To my memory, most of his works deal romantically with the overwhelming power of nature and the struggle for survival such as Love of Life, Law of Life, To Build a Fire, and the White Silence. In his novel--the Sea-Wolf, Spencerian Evolutionism and Nietzschean Philosophy are told by the words of Wolf Larson. As his experience of an oyster pirate, a gold-seeker, a newspaper correspondent and a war correspondent, histories, romantic adventures with realistic setting and character can be found in most of his stories. He is especially famous for description of animals, men and nature, but the novel Martin Eden is quite different. He wrote love and its destroy.
When I read Martin Eden, something reminded me of another famous character—John Christopher. Although Jack London and Roman Rolland are totally different writers, I sometimes really find something similar of the two geniuses.

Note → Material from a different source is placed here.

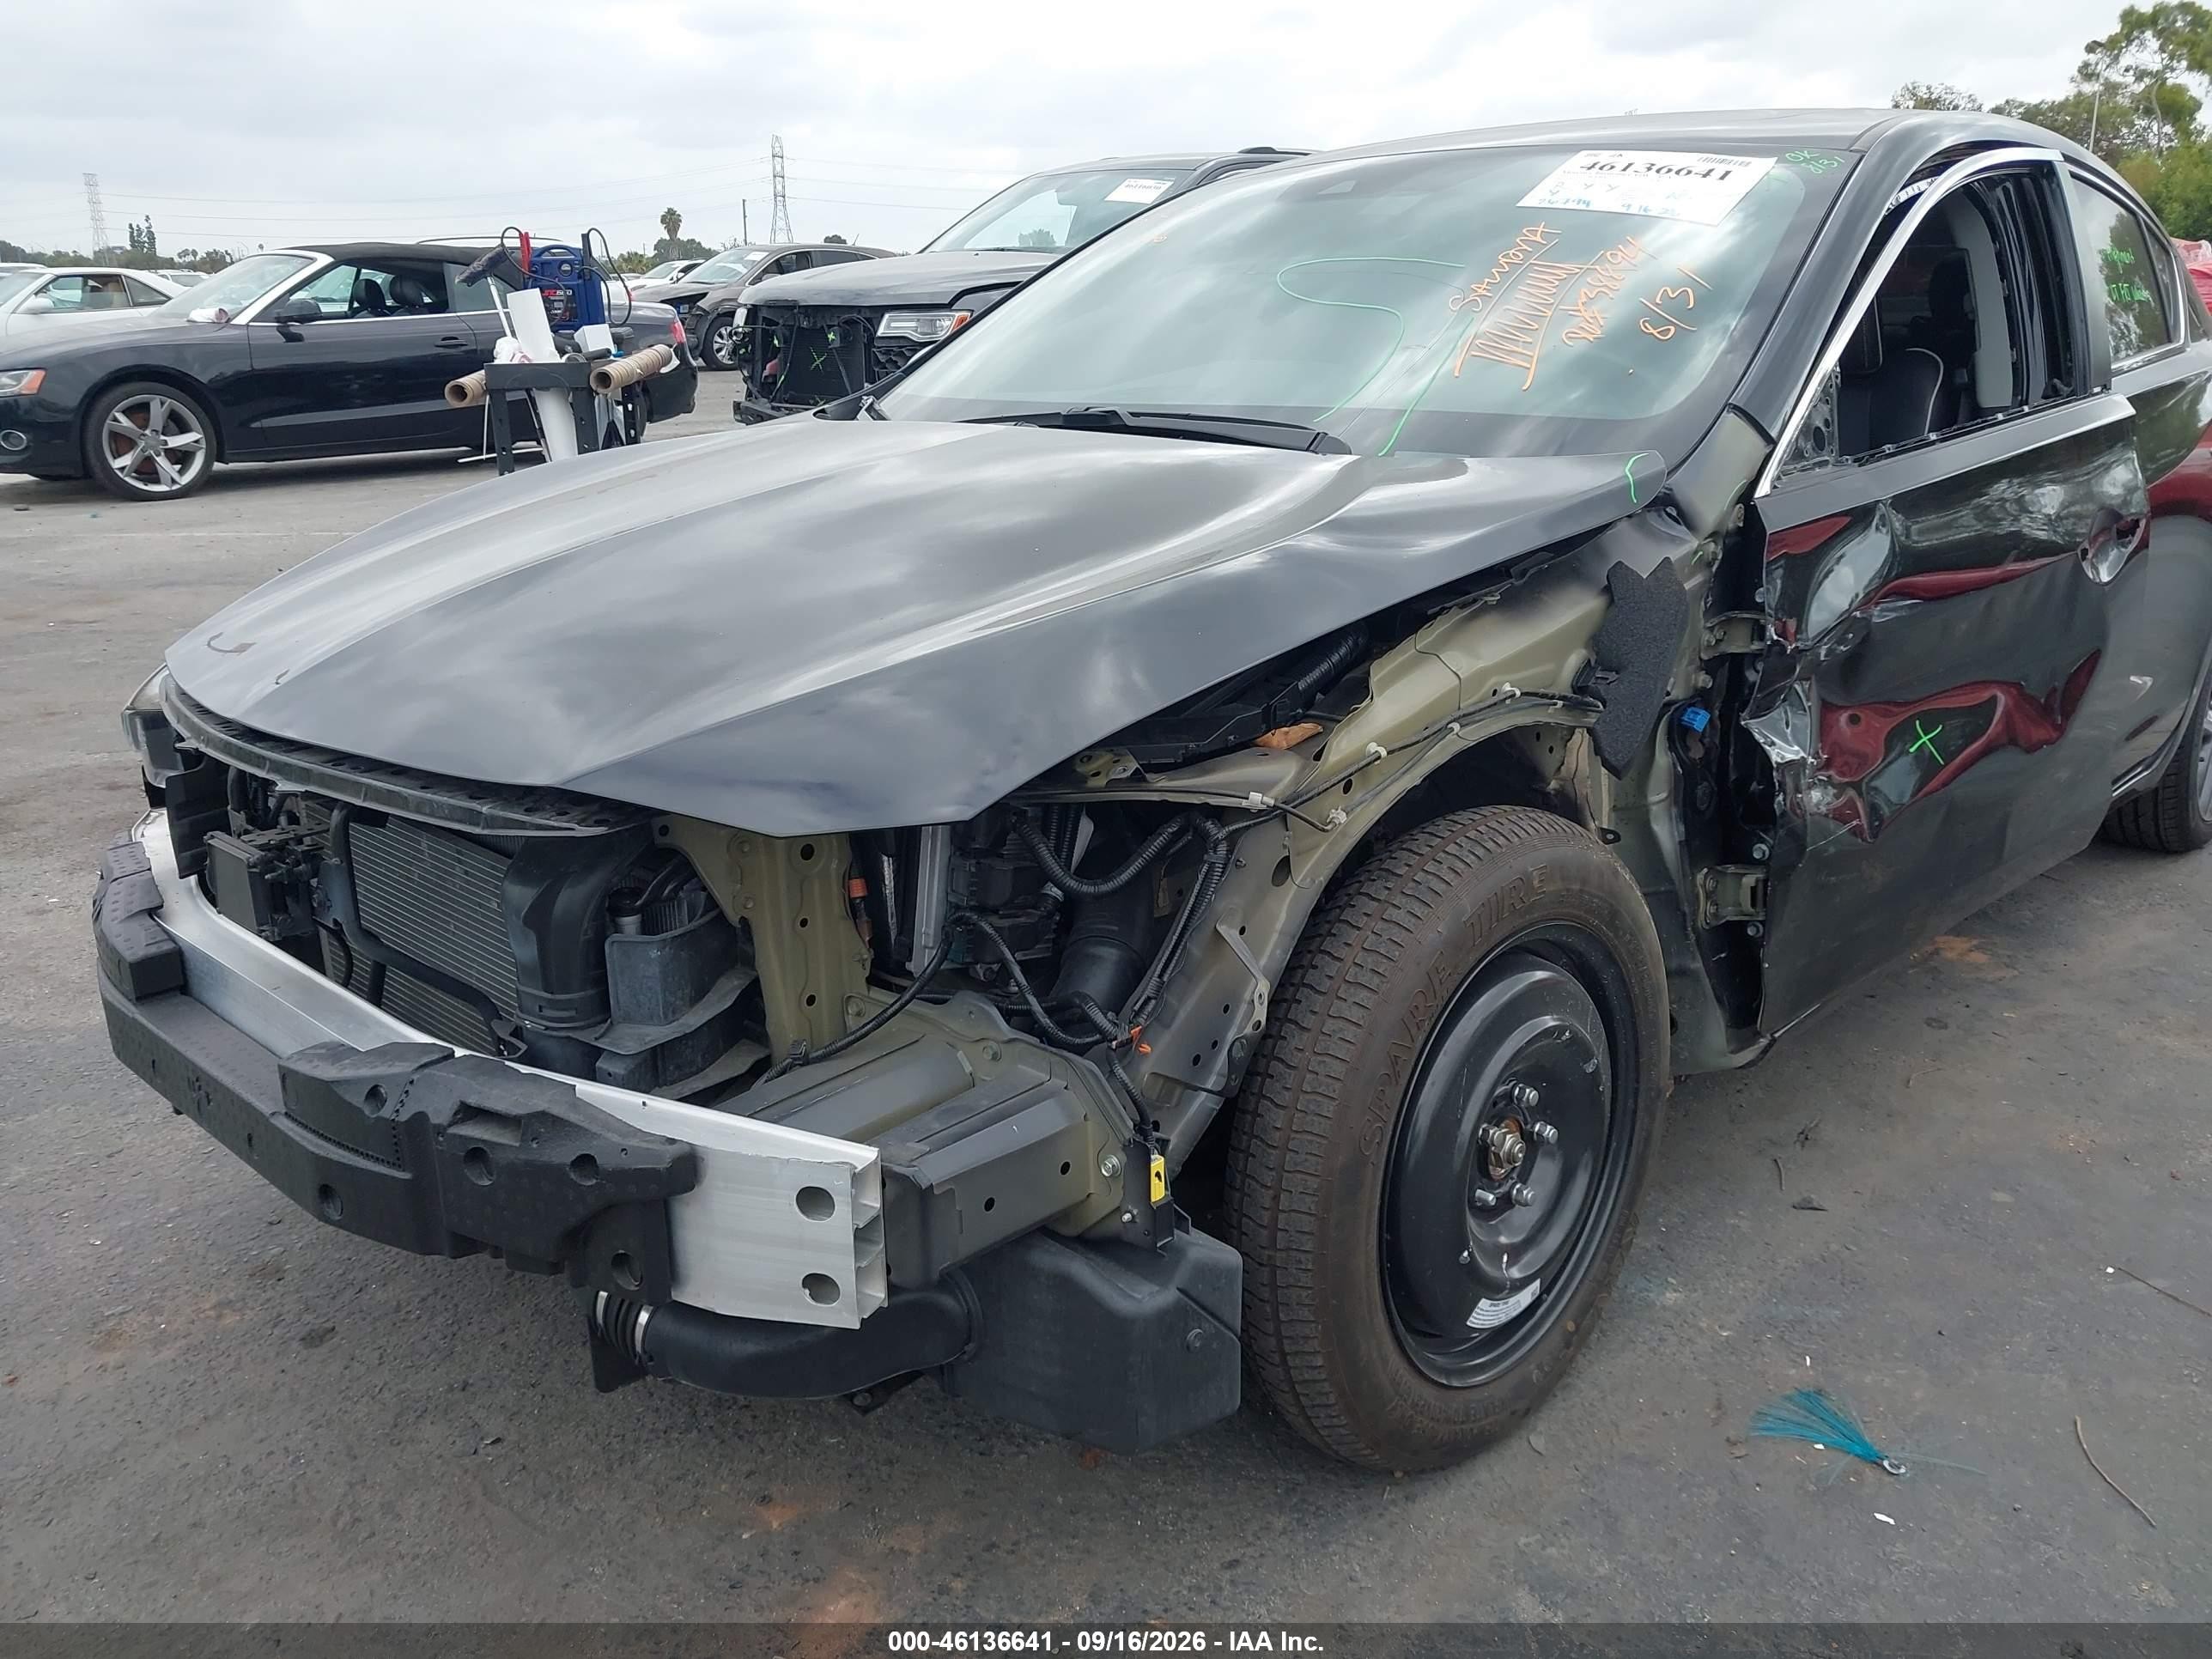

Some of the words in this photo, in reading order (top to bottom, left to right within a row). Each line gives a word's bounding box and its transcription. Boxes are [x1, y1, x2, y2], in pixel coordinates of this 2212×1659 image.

[1579, 161, 1733, 181] 46136641
[1359, 950, 1458, 1158] SPARE
[1462, 864, 1548, 946] TIRE

Both of them were of talent. Their life used to be with tears, sorrow, disappointment, loneliness and heartbreaks, but they won the reputation and respect of general public at last. When they were young, they were both pure, passionate, innocent and idealist. They adhere to their art as the truth of life; they were attacked by neighboring people and satirize by barbed critics; they were fed up with failure but never stopped marching; they both fell in love and both of them were hurt by love; they found the precious friendship and then lost it; they hated their former works which they used to regard as the outstanding masterpieces; they never stopped self-criticized in their growth; they met some people who helped them in a silent way; sometimes they were a little bit radical, wide and overconfident, but all the time they were kind and sincere; they usually deeply suffered from their mistakes; they are apparently selfish because of their spirits of self-sacrifice.

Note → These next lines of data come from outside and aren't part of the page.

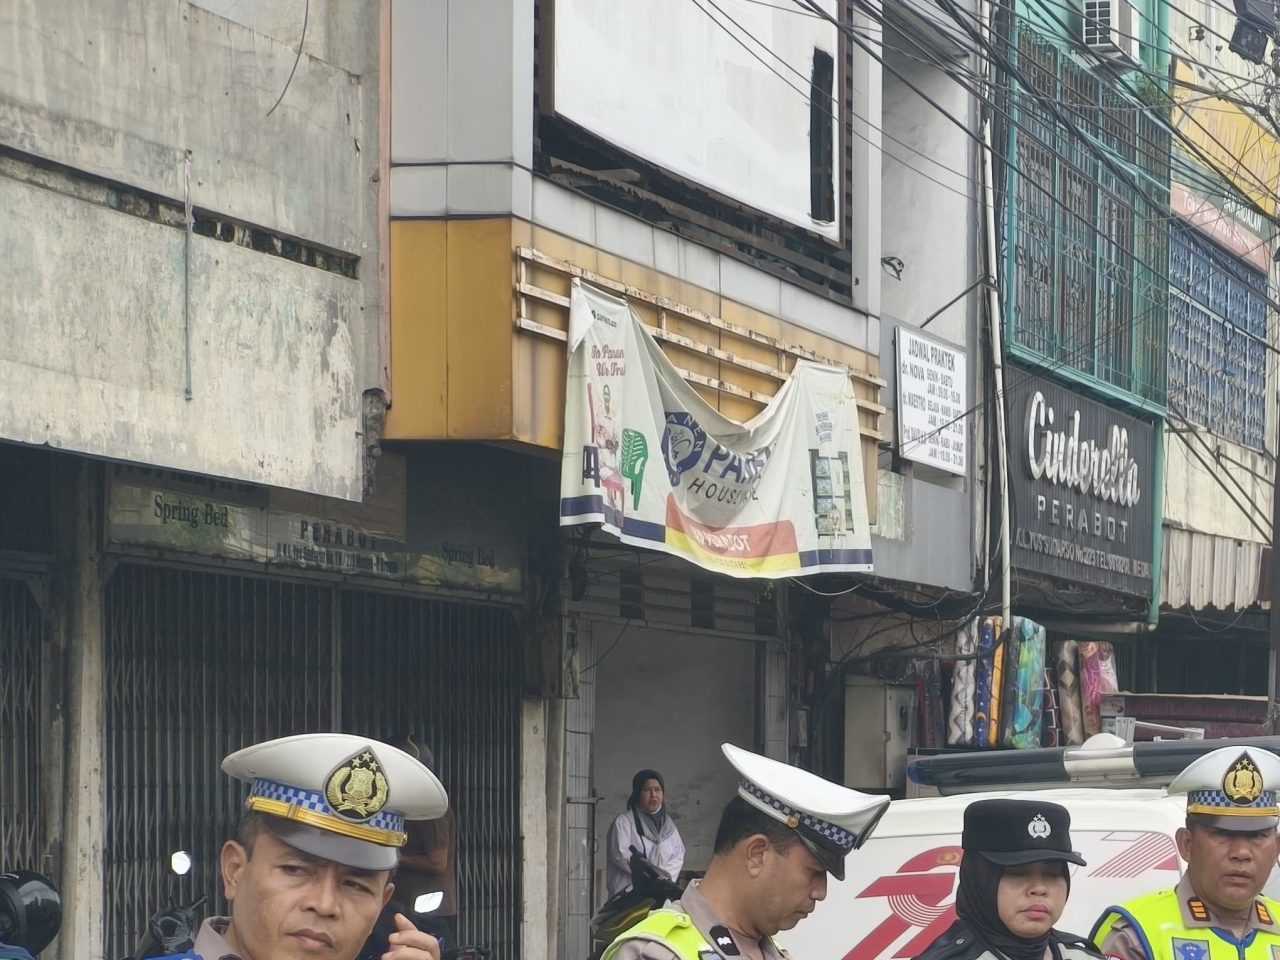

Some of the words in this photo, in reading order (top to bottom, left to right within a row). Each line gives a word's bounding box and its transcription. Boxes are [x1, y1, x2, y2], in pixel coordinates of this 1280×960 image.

[908, 338, 930, 363] JADWAL
[930, 346, 955, 372] PRAKTEK
[910, 362, 925, 381] NOVA
[666, 414, 704, 451] ANEN
[1028, 391, 1141, 507] Cinderella
[154, 494, 199, 528] Spring
[204, 503, 229, 528] Bed
[1037, 495, 1129, 543] PERABOT
[442, 541, 474, 568] Spring

The two energetic young fantasts shared their art of life but the endings were far from the same. John Christopher got his truth while Martin Eden turned to be a tragedy. Sometimes I questioned myself that what is the cross diverging their destiny.
A man’s fate is determined by his heredity, environmental factors and those occasional cases. The later two points maybe the answers. Martin Eden’s suicide is not because of despair of literature, but because of despair of people. The despair of love, of humanity, and of social reality destroyed his hope of life.